Among other things, there is a need for legislative clarity following the High Court’s determination in December 2019 in the BMW/Westpac joint hearing that courts lack the statutory power to make common fund orders at the outset of proceedings requiring all class members to contribute to funders’ fees even if they did not sign up to individual costs agreements. Despite that ruling, there have since been conflicting decisions in the Federal Court – with opposite conclusions reached in the Vocus and RMBL Investments matters this month alone – about whether courts retain the power to order class members to contribute to funders’ fees during the settlement approval process. This is not a mere technical issue – its resolution is necessary not only to provide directors with greater regulatory certainty but also to mitigate a key incentive for funders to continue their aggressive pursuit of new proceedings.
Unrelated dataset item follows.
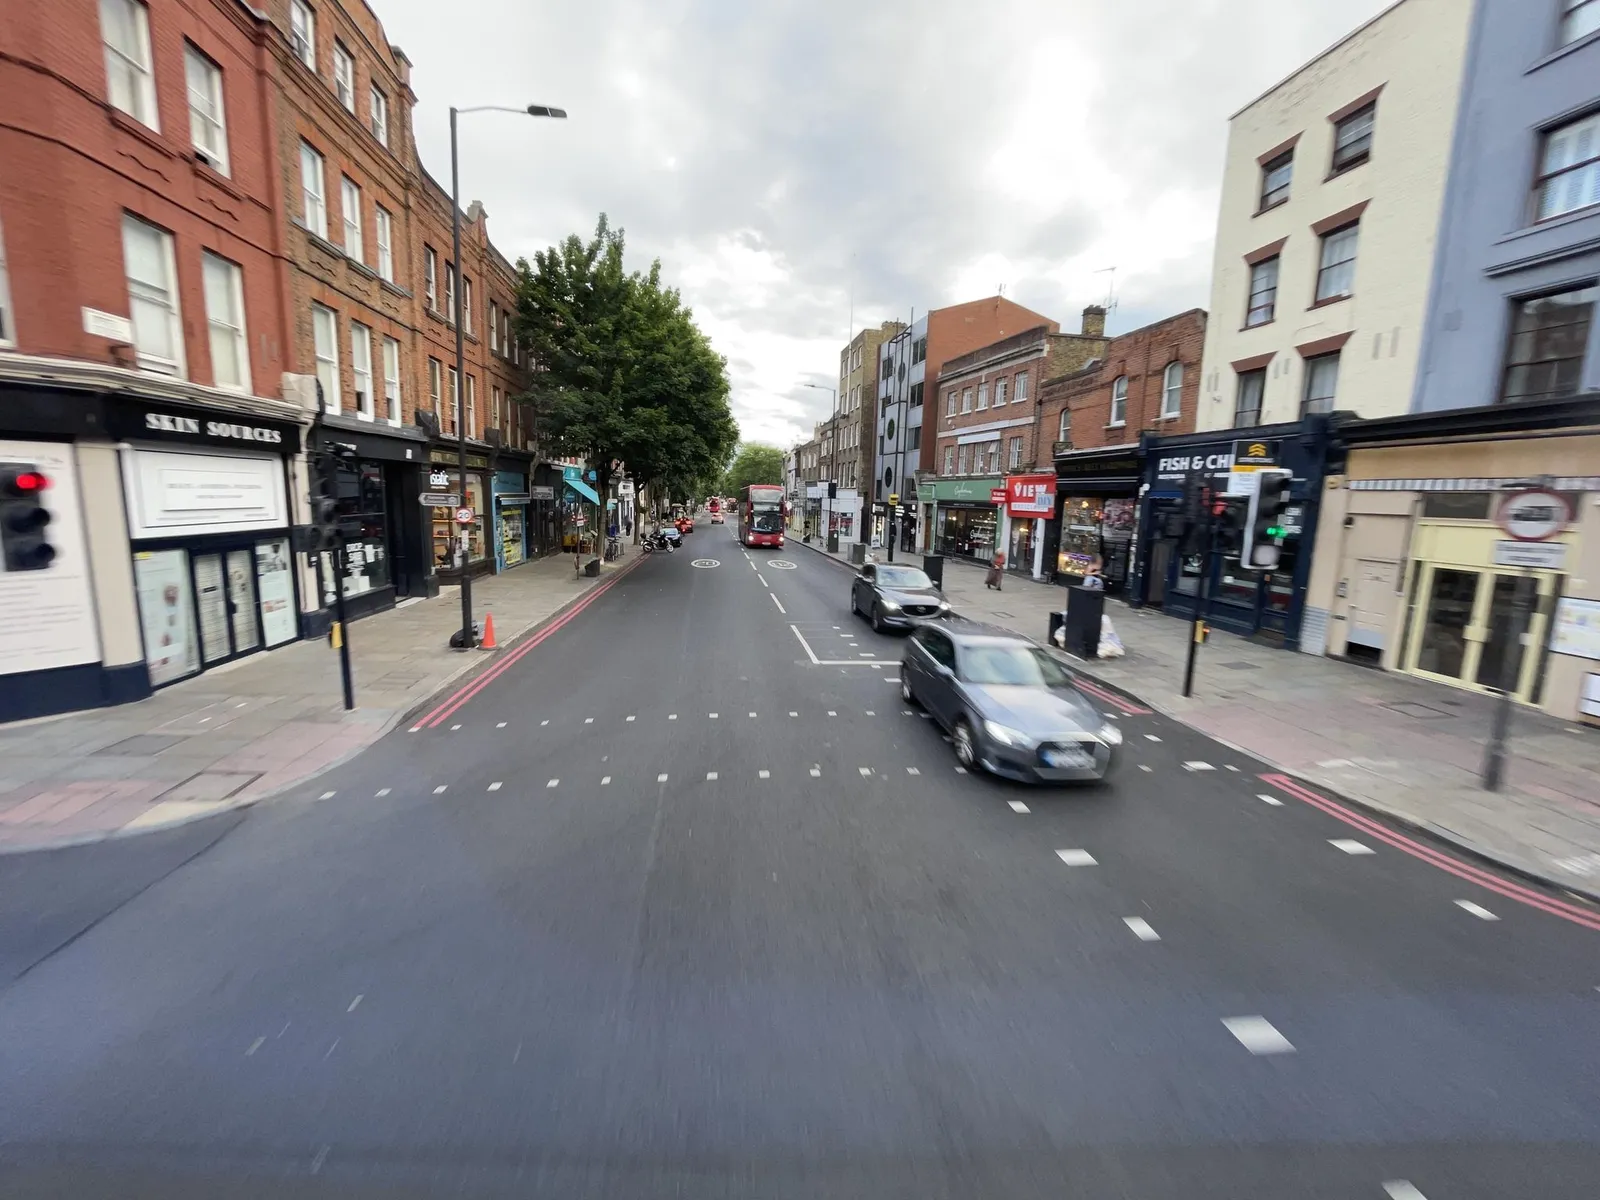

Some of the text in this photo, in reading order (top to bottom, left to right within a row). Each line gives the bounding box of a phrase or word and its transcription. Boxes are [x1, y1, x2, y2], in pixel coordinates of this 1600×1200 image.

[145, 413, 282, 443] SKIN SOURCES
[1158, 453, 1235, 471] FISH & CHI
[1014, 483, 1047, 498] VIEW
If broader structural class actions reforms are not pursued – placing regulators at the centre of upholding continuous disclosure obligations and protecting against the risk of investor and consumer harm while controlling the continued proliferation of class actions sustained by a clear commercial money-making incentive on the part of funders – directors will be further distracted from getting on with business.
That is, actually managing the company in an everyday operational setting. And now, even more critically, undertaking the deep governance and risk assessment reviews and implementation plans necessitated by COVID-19, with the crisis having caught so many entities off-guard and raising concerns about the adequacy of their underlying corporate governance and risk management practices.
Directors cannot afford to be quasi-litigation managers, bombarded with the prospect of legal proceedings in making every business decisions. If they are forced into that position then, apart from the immediacy of compensation payouts from the class actions in fact pursued against a company, directors will face a further regulatory risk due to their inevitable delay in pursuing the governance, cultural and crisis management overhauls required in a post COVID-19 world.
Indeed, as ASIC, APRA and other regulators return to their business as usual supervisory and enforcement priorities over next the next six months and beyond, it is these underlying corporate governance and risk protocols that will become the focus of future policy and enforcement decisions.